Image-backed grounding data
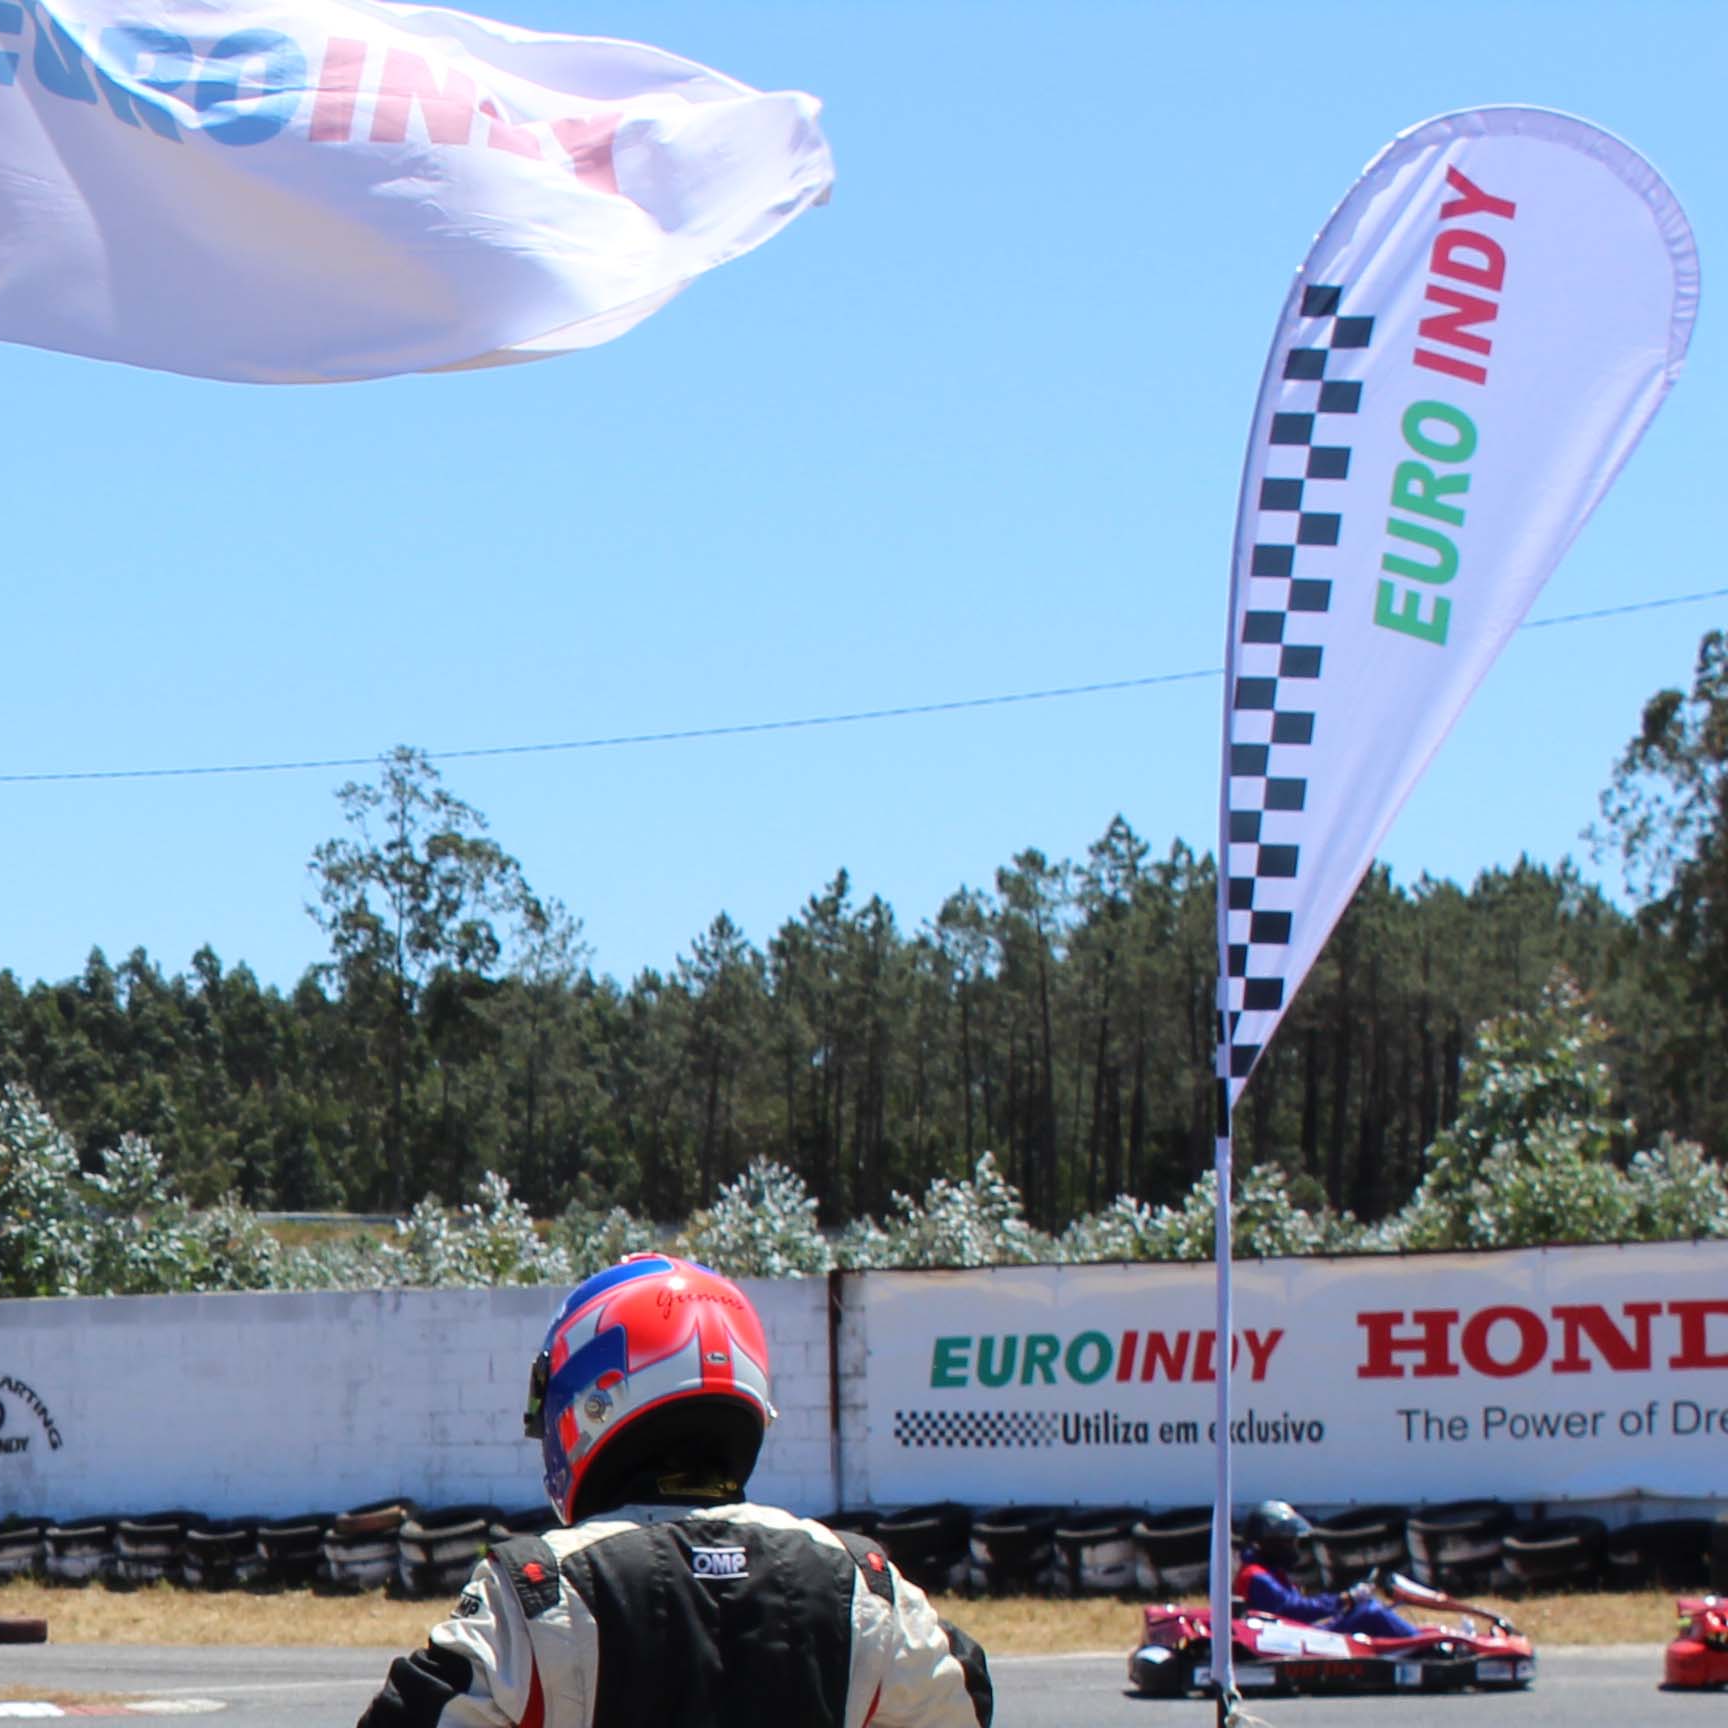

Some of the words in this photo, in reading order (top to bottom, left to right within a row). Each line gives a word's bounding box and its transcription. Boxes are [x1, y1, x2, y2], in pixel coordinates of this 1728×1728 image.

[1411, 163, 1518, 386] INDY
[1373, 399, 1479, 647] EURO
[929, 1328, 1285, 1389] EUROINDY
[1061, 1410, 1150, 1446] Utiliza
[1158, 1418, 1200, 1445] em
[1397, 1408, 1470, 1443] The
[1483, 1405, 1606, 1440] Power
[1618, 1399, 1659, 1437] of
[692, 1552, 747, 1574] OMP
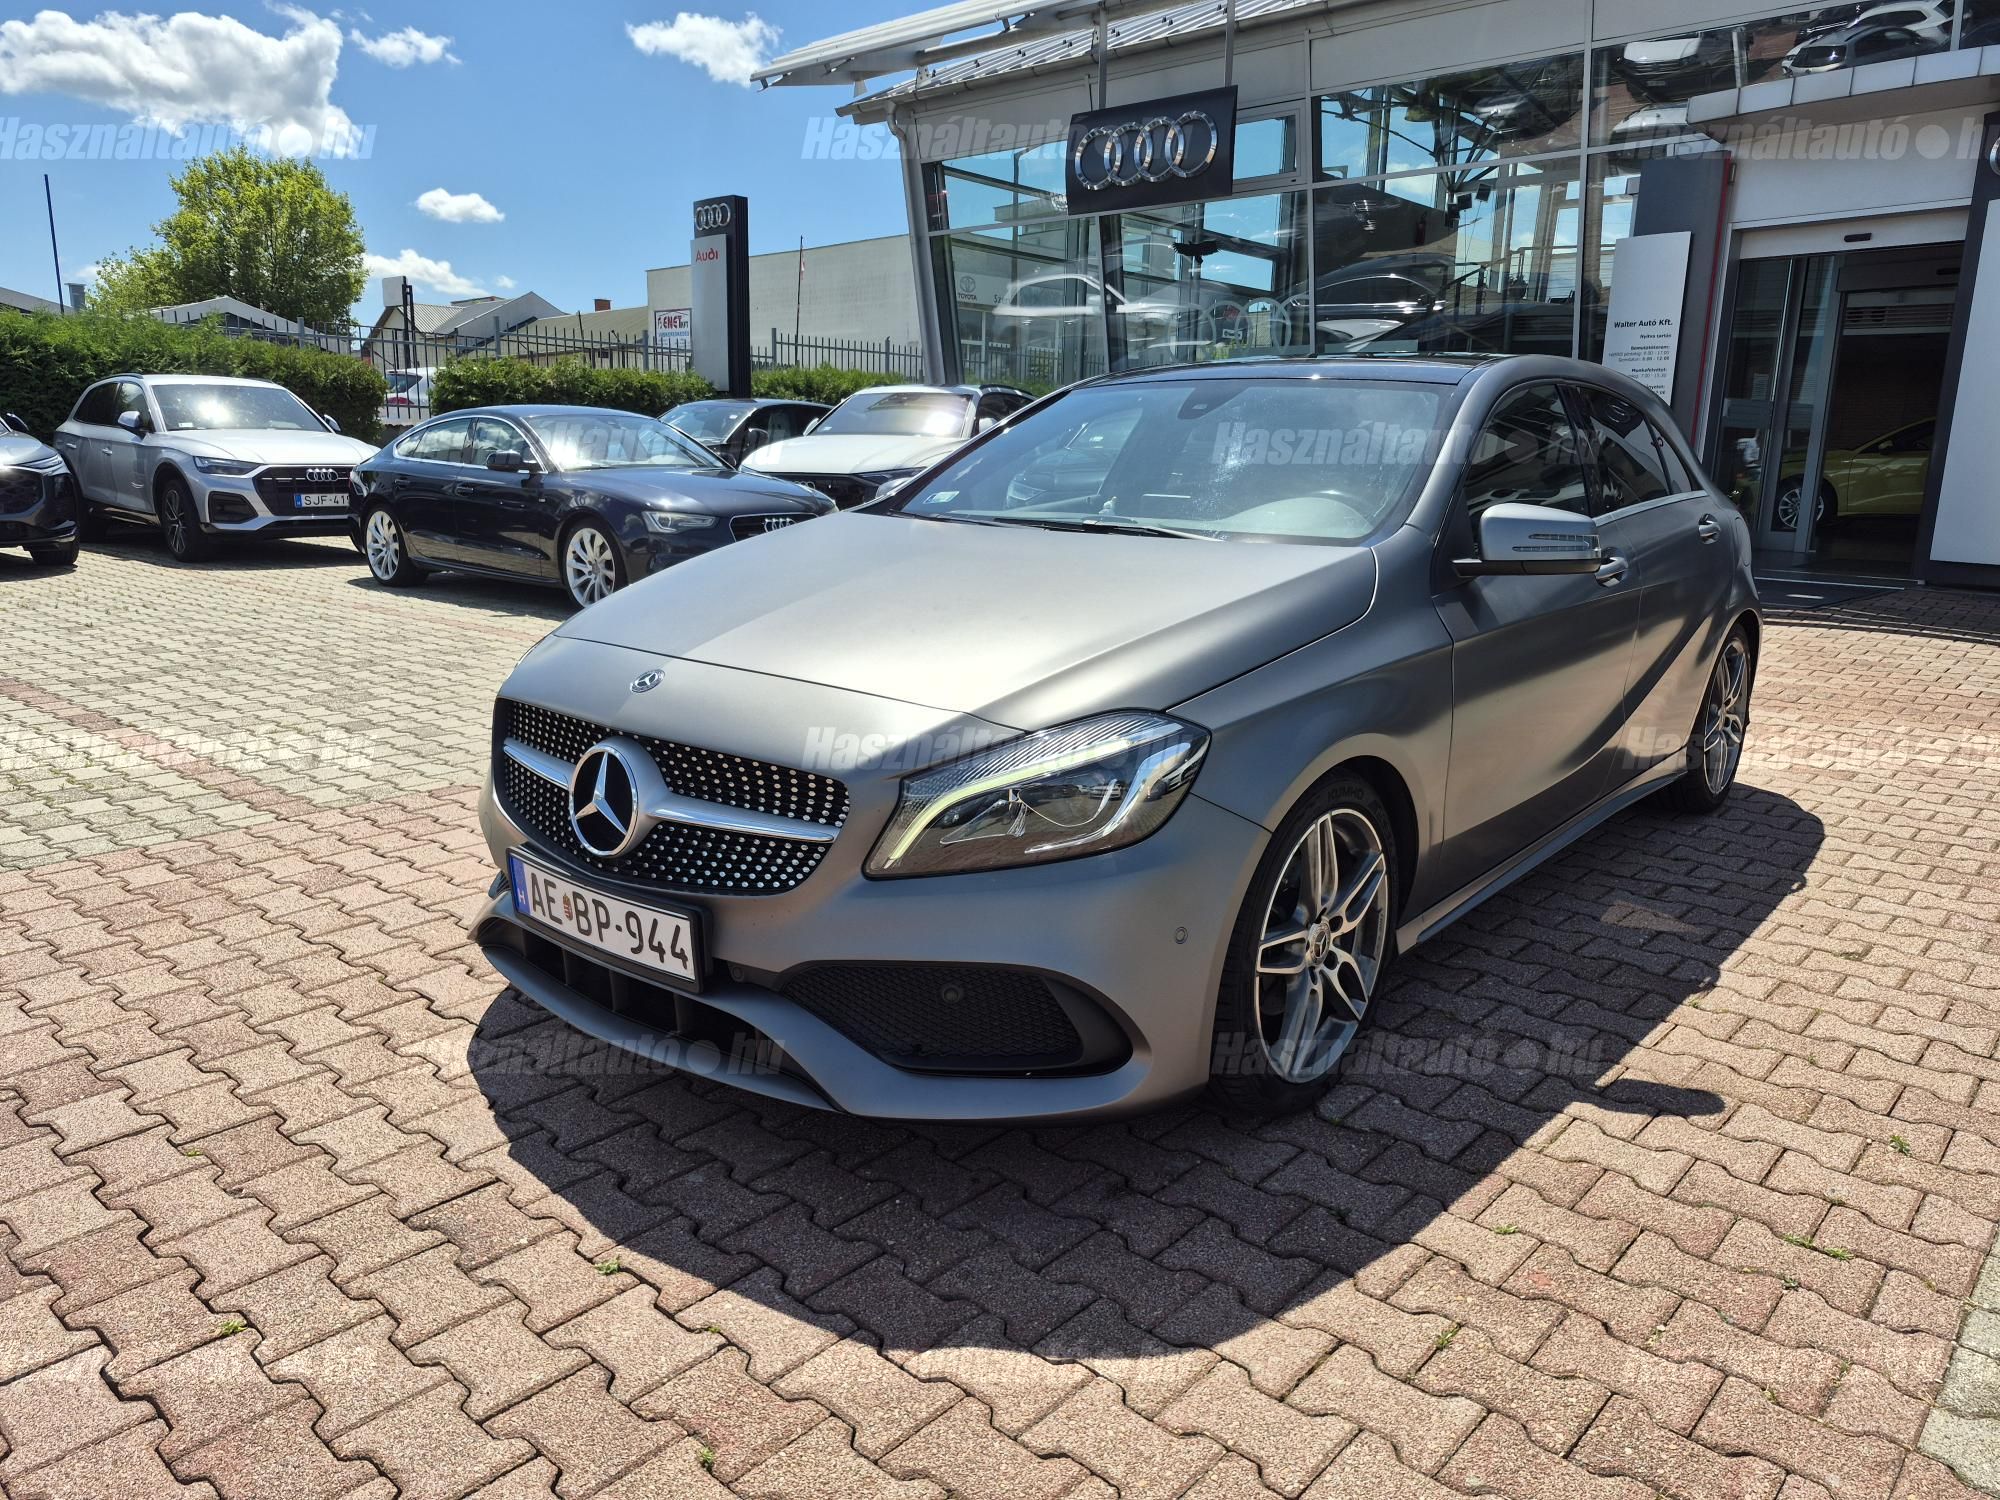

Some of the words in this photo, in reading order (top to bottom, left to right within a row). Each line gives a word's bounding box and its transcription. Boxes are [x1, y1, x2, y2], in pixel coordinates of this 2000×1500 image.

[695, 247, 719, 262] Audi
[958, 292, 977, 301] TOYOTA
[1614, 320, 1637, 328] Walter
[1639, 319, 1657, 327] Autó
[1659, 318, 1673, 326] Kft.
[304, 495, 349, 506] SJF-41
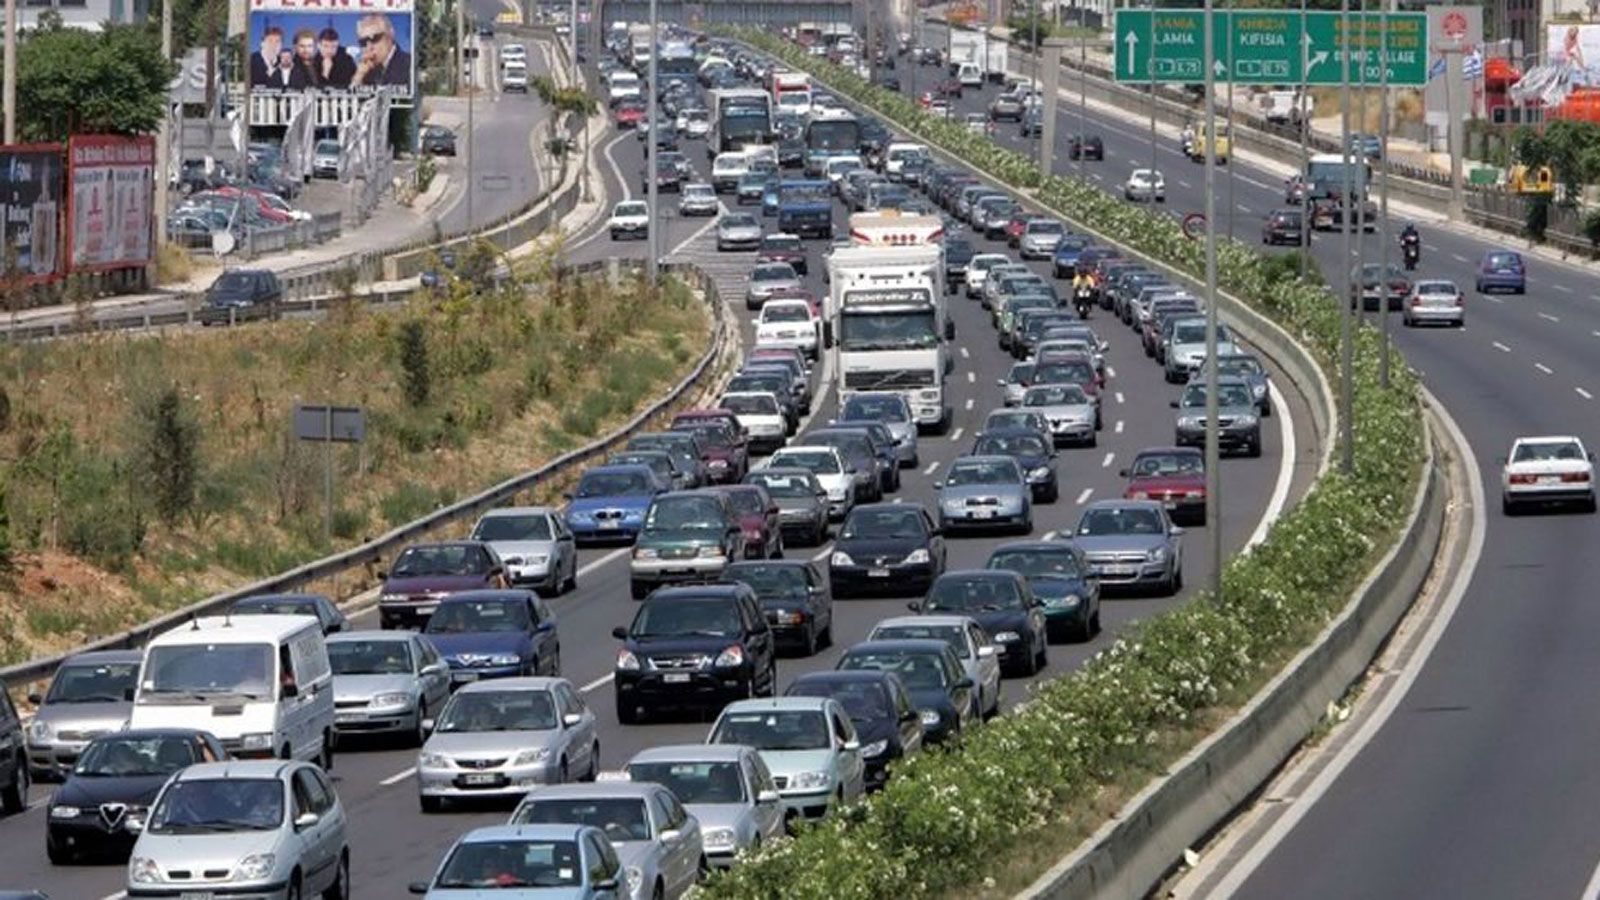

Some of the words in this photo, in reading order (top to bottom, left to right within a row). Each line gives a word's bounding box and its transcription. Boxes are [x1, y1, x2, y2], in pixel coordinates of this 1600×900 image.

▶ _EXERCISE_:
Please transcribe exactly the line containing "this 2000×1500 image." and every later line through the end of the records above, omitting pictures.

▶ _REPLY TO THE TASK_:
Some of the words in this photo, in reading order (top to bottom, left to right within a row). Each line gives a word's bounding box and its transcription. Boxes are [x1, y1, x2, y2], in pixel coordinates of this 2000×1500 image.

[695, 247, 719, 262] Audi
[958, 292, 977, 301] TOYOTA
[1614, 320, 1637, 328] Walter
[1639, 319, 1657, 327] Autó
[1659, 318, 1673, 326] Kft.
[304, 495, 349, 506] SJF-41

Some of the words in this photo, in reading order (top to bottom, left to right within a row). Each line gives a word's bounding box and its transcription. Boxes are [x1, y1, x2, y2], in pixel coordinates of this 1600×900 image.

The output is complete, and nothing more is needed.